2. failure-responsible agent and the decisive error step that led to the task’s failure.

Constructing the First Benchmark Dataset: Who&When : This dataset includes a wide range of failure logs collected from 127 LLM Multi-Agent systems, which were either algorithmically generated or hand-crafted by experts to ensure realism and diversity. Each failure log is accompanied by fine-grained human annotations for:
Who: The agent responsible for the failure.
When: The specific interaction step where the decisive error occurred.
Why: A natural language explanation of the cause of the failure.

3. Exploring Initial “Automated Attribution” Methods : Using the Who&When dataset, the paper designs and assesses three distinct methods for automated failure attribution:
All-at-Once: This method provides the LLM with the user query and the complete failure log, asking it to identify the responsible agent and the decisive error step in a single pass. While cost-effective, it may struggle to pinpoint precise errors in long contexts.
Step-by-Step: This approach mimics manual debugging by having the LLM review the interaction log sequentially, making a judgment at each step until the error is found.
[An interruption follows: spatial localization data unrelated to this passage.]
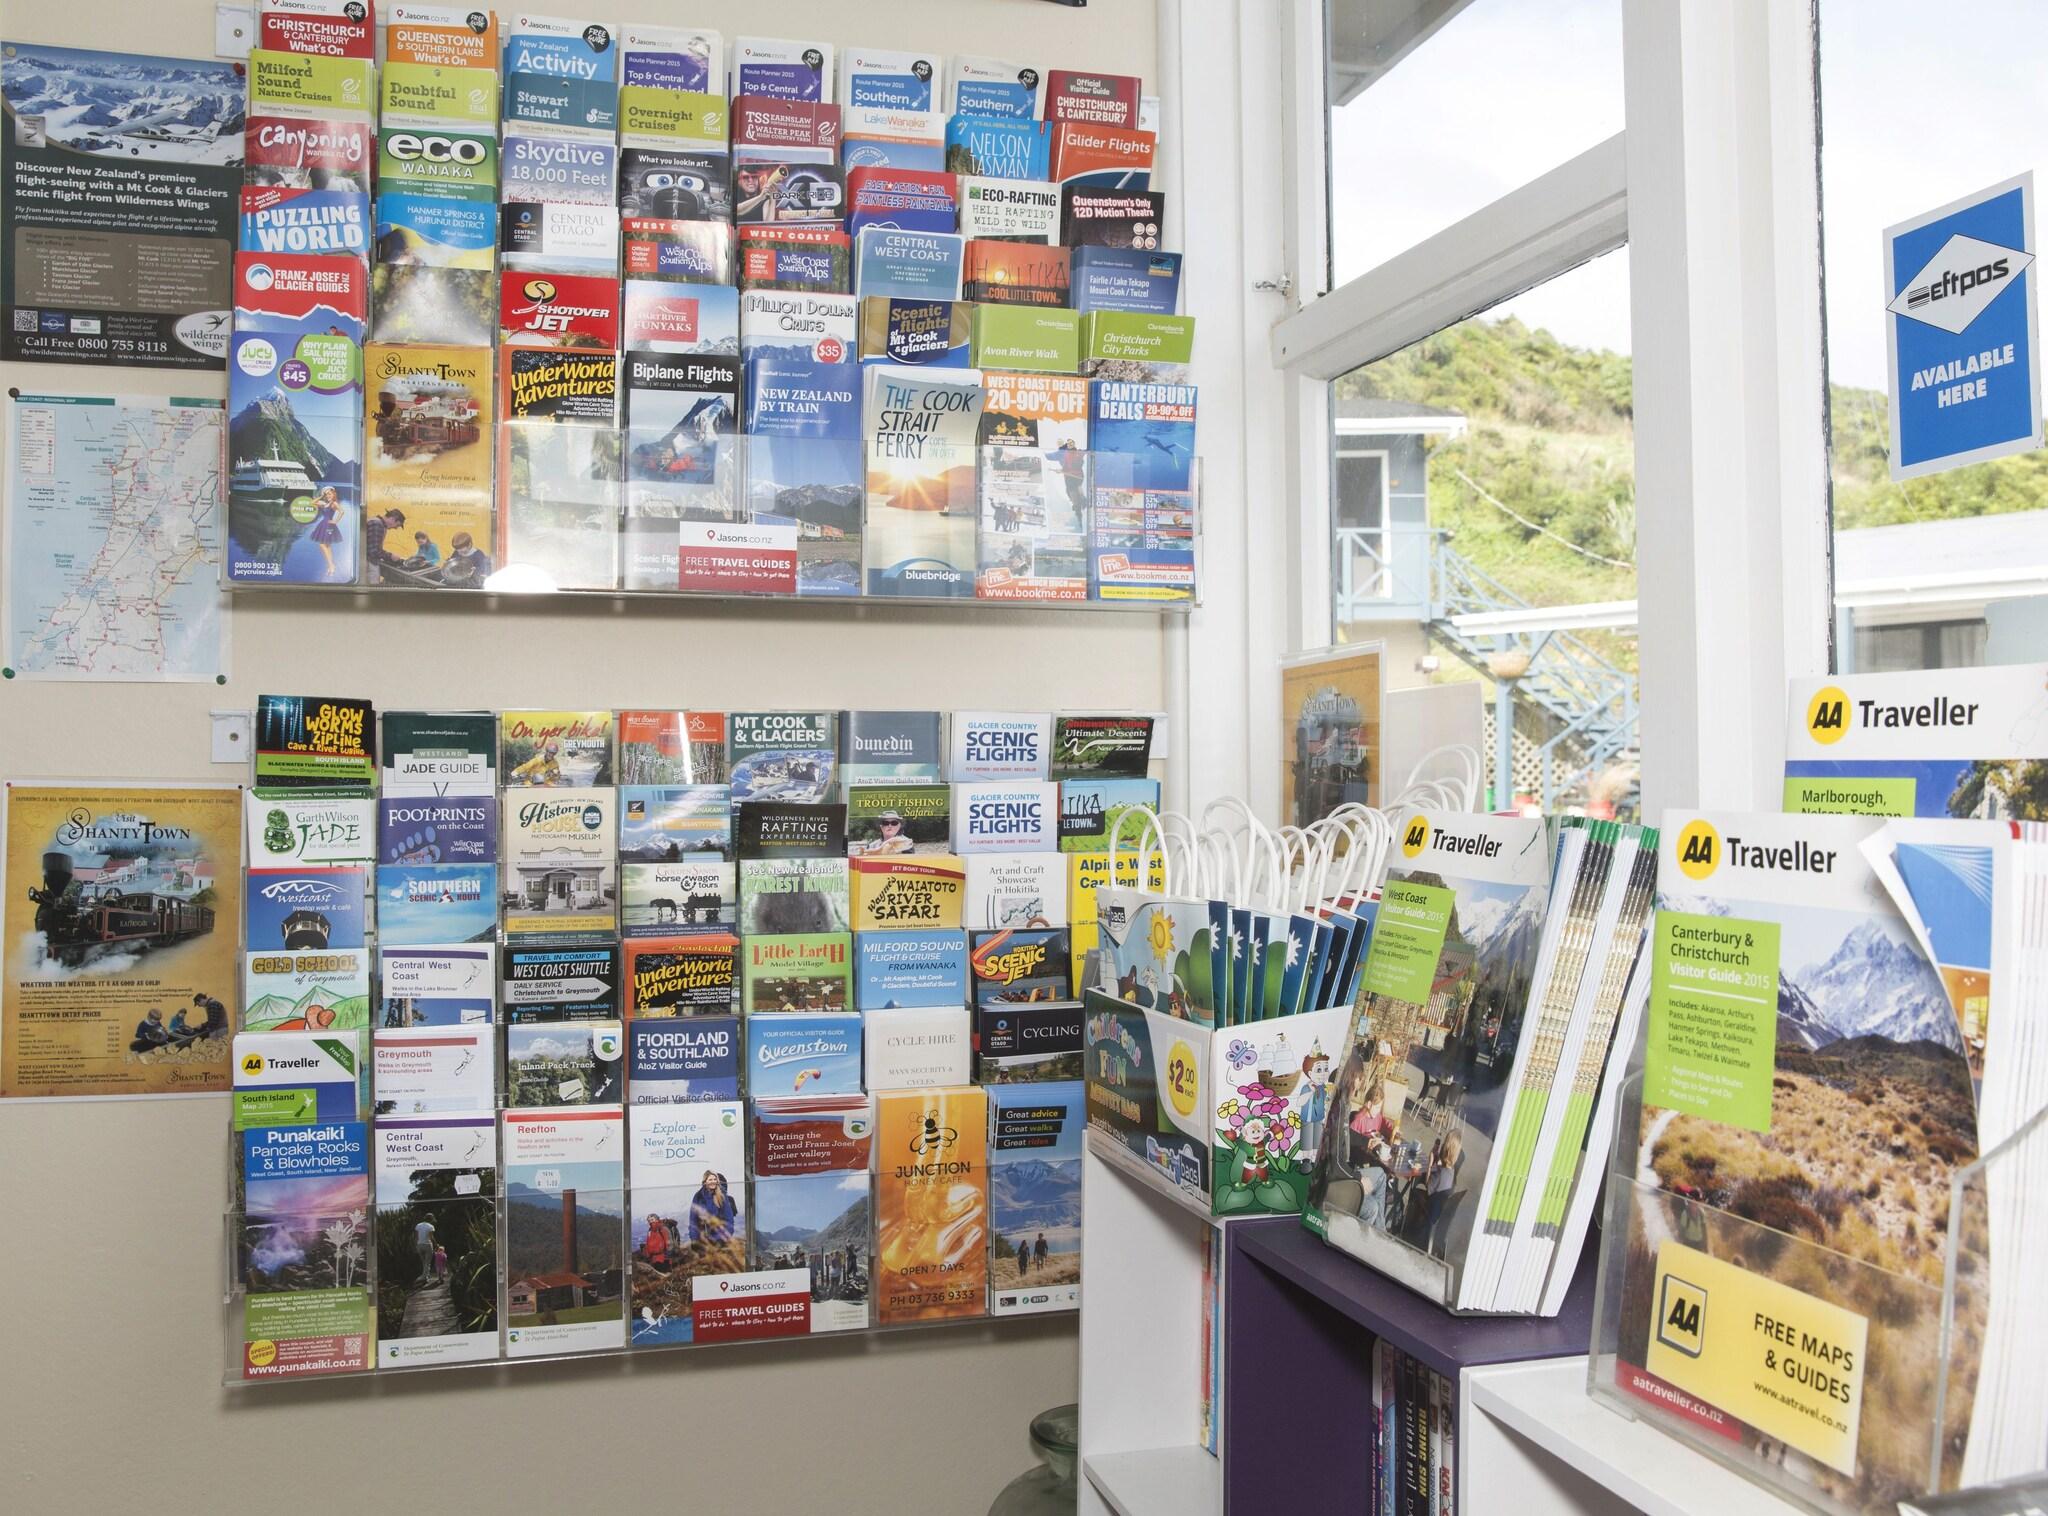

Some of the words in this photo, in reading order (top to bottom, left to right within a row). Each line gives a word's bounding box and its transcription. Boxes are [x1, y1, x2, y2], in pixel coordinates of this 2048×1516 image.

[267, 19, 365, 38] CHRISTCHURCH
[283, 30, 290, 39] &
[291, 31, 349, 45] CANTERBURY
[397, 31, 484, 48] QUEENSTOWN
[405, 43, 452, 55] SOUTHERN
[455, 46, 484, 57] LAKES
[257, 62, 313, 78] Milford
[517, 50, 597, 78] Activity
[258, 75, 301, 89] Sound
[1057, 96, 1128, 112] CHRISTCHURCH
[1057, 108, 1066, 119] &
[1071, 108, 1127, 123] CANTERBURY
[387, 134, 486, 163] eco
[1066, 132, 1103, 149] Glider
[1108, 137, 1151, 154] Flights
[516, 140, 605, 167] skydive
[16, 162, 64, 174] Discover
[67, 166, 91, 175] New
[95, 168, 145, 179] Zealand's
[149, 173, 196, 184] premiere
[401, 163, 474, 179] WANAKA
[511, 166, 567, 184] 18,000
[572, 171, 607, 185] Feet
[982, 188, 1057, 207] ECO-RAFTING
[257, 205, 359, 228] PUZZLING
[258, 225, 361, 252] WORLD
[886, 236, 940, 251] CENTRAL
[875, 248, 906, 259] WEST
[909, 250, 950, 262] COAST
[275, 270, 306, 282] FRANZ
[310, 271, 340, 282] JOSEF
[1931, 258, 2009, 301] eftpos
[275, 281, 313, 291] GLACIER
[316, 283, 350, 293] GUIDES
[538, 306, 609, 317] SHOTOVER
[525, 315, 572, 331] JET
[25, 337, 47, 346] Call
[51, 339, 74, 348] Free
[78, 338, 108, 349] 0800
[112, 340, 134, 350] 755
[138, 341, 167, 352] 8118
[1103, 333, 1162, 346] Christchurch
[985, 346, 1007, 358] Avon
[1011, 347, 1035, 358] River
[1038, 347, 1059, 358] Walk
[1103, 344, 1123, 356] City
[1126, 345, 1149, 356] Parks
[634, 363, 685, 381] Biplane
[689, 365, 734, 383] Flights
[1912, 344, 2015, 391] AVAILABLE
[512, 361, 614, 392] UnderWorld
[987, 375, 1014, 390] WEST
[1017, 378, 1050, 391] COAST
[1053, 380, 1086, 392] DEALS!
[514, 379, 615, 407] Adventures
[760, 388, 784, 402] NEW
[789, 388, 852, 402] ZEALAND
[886, 385, 915, 410] THE
[923, 389, 975, 412] COOK
[988, 389, 1054, 411] 20-90%
[1058, 393, 1086, 413] OFF
[1101, 383, 1197, 404] CANTERBURY
[1938, 378, 1987, 408] HERE
[760, 400, 773, 413] BY
[777, 401, 819, 414] TRAIN
[1100, 401, 1143, 420] DEALS
[1146, 404, 1178, 417] 20-90%
[1179, 405, 1194, 417] OFF
[881, 411, 943, 433] STRAIT
[876, 432, 926, 460] FERRY
[716, 533, 773, 544] Jasons.co.nz
[685, 556, 708, 567] FREE
[711, 557, 747, 568] TRAVEL
[751, 558, 790, 569] GUIDES
[905, 569, 962, 582] bluebridge
[985, 587, 1086, 600] www.bookme.co.nz
[320, 704, 363, 720] GLOW
[1813, 701, 1843, 729] AA
[1859, 697, 1978, 728] Traveller
[306, 717, 363, 735] WORMS
[735, 717, 754, 729] MT
[763, 717, 806, 729] COOK
[968, 722, 1000, 730] GLACIER
[1002, 723, 1038, 731] COUNTRY
[736, 730, 747, 742] &
[753, 729, 825, 742] GLACIERS
[855, 734, 914, 753] dunedin
[967, 731, 1037, 748] SCENIC
[966, 746, 1037, 763] FLIGHTS
[402, 763, 436, 774] JADE
[440, 762, 479, 773] GUIDE
[1802, 790, 1886, 806] Marlborough,
[388, 808, 485, 827] FOOTPRINTS
[762, 820, 828, 833] RAFTING
[1405, 826, 1425, 847] AA
[1433, 829, 1502, 857] Traveller
[1683, 836, 1712, 863] AA
[1727, 837, 1836, 873] Traveller
[409, 880, 481, 893] SOUTHERN
[896, 880, 956, 893] WAIATOTO
[888, 892, 933, 905] RIVER
[1389, 889, 1403, 901] West
[1406, 892, 1427, 904] Coast
[875, 904, 940, 920] SAFARI
[1671, 925, 1742, 945] Canterbury
[1745, 934, 1754, 946] &
[863, 942, 918, 952] MILFORD
[920, 941, 964, 951] SOUND
[1671, 943, 1749, 966] Christchurch
[514, 964, 537, 976] WEST
[540, 964, 569, 976] COAST
[571, 962, 610, 975] SHUTTLE
[1670, 962, 1706, 980] Visitor
[1708, 965, 1741, 985] Guide
[1745, 970, 1769, 989] 2015
[637, 1032, 729, 1047] FIORDLAND
[1023, 1025, 1079, 1039] CYCLING
[378, 1050, 432, 1059] Greymouth
[638, 1049, 645, 1058] &
[649, 1046, 728, 1058] SOUTHLAND
[760, 1039, 848, 1063] Queenstown
[268, 1058, 320, 1069] Traveller
[267, 1093, 295, 1102] Island
[267, 1128, 344, 1143] Punakaiki
[386, 1133, 423, 1141] Central
[252, 1144, 317, 1157] Pancake
[321, 1142, 360, 1153] Rocks
[386, 1144, 413, 1153] West
[417, 1144, 444, 1152] Coast
[264, 1160, 273, 1168] &
[276, 1155, 349, 1168] Blowholes
[896, 1161, 970, 1178] JUNCTION
[730, 1281, 785, 1292] Jasons.co.nz
[699, 1308, 723, 1319] FREE
[725, 1305, 764, 1317] TRAVEL
[767, 1303, 805, 1315] GUIDES
[1668, 1298, 1700, 1336] AA
[1755, 1313, 1795, 1347] FREE
[1802, 1333, 1853, 1371] MAPS
[249, 1358, 361, 1374] www.punakaiki.co.nz
[1766, 1350, 1776, 1370] &
[1783, 1358, 1851, 1403] GUIDES
[1633, 1374, 1723, 1424] aatraveller.co.nz
[1754, 1381, 1847, 1434] www.aatravel.co.nz
It is more precise at locating the error step but incurs higher costs and risks accumulating errors.
Binary Search: A compromise between the first two methods, this strategy repeatedly divides the log in half, using the LLM to determine which segment contains the error. It then recursively searches the identified segment, offering a balance of cost and performance.
 
Experimental Results and Key Findings

Experiments were conducted in two settings: one where the LLM knows the ground truth answer to the problem the Multi-Agent system is trying to solve (With Ground Truth) and one where it does not (Without Ground Truth). The primary model used was GPT-4o, though other models were also tested. The systematic evaluation of these methods on the Who&When dataset yielded several important insights:

  • A Long Way to Go: Current methods are far from perfect. Even the best-performing single method achieved an accuracy of only about 53.5% in identifying the responsible agent and a mere 14.2% in pinpointing the exact error step. Some methods performed even worse than random guessing, underscoring the difficulty of the task.
  • No “All-in-One” Solution: Different methods excel at different aspects of the problem. The All-at-Once method is better at identifying “Who,” while the Step-by-Step method is more effective at determining “When.” The Binary Search method provides a middle-ground performance.
  • Hybrid Approaches Show Promise but at a High Cost: The researchers found that combining different methods, such as using the All-at-Once approach to identify a potential agent and then applying the Step-by-Step method to find the error, can improve overall performance. However, this comes with a significant increase in computational cost.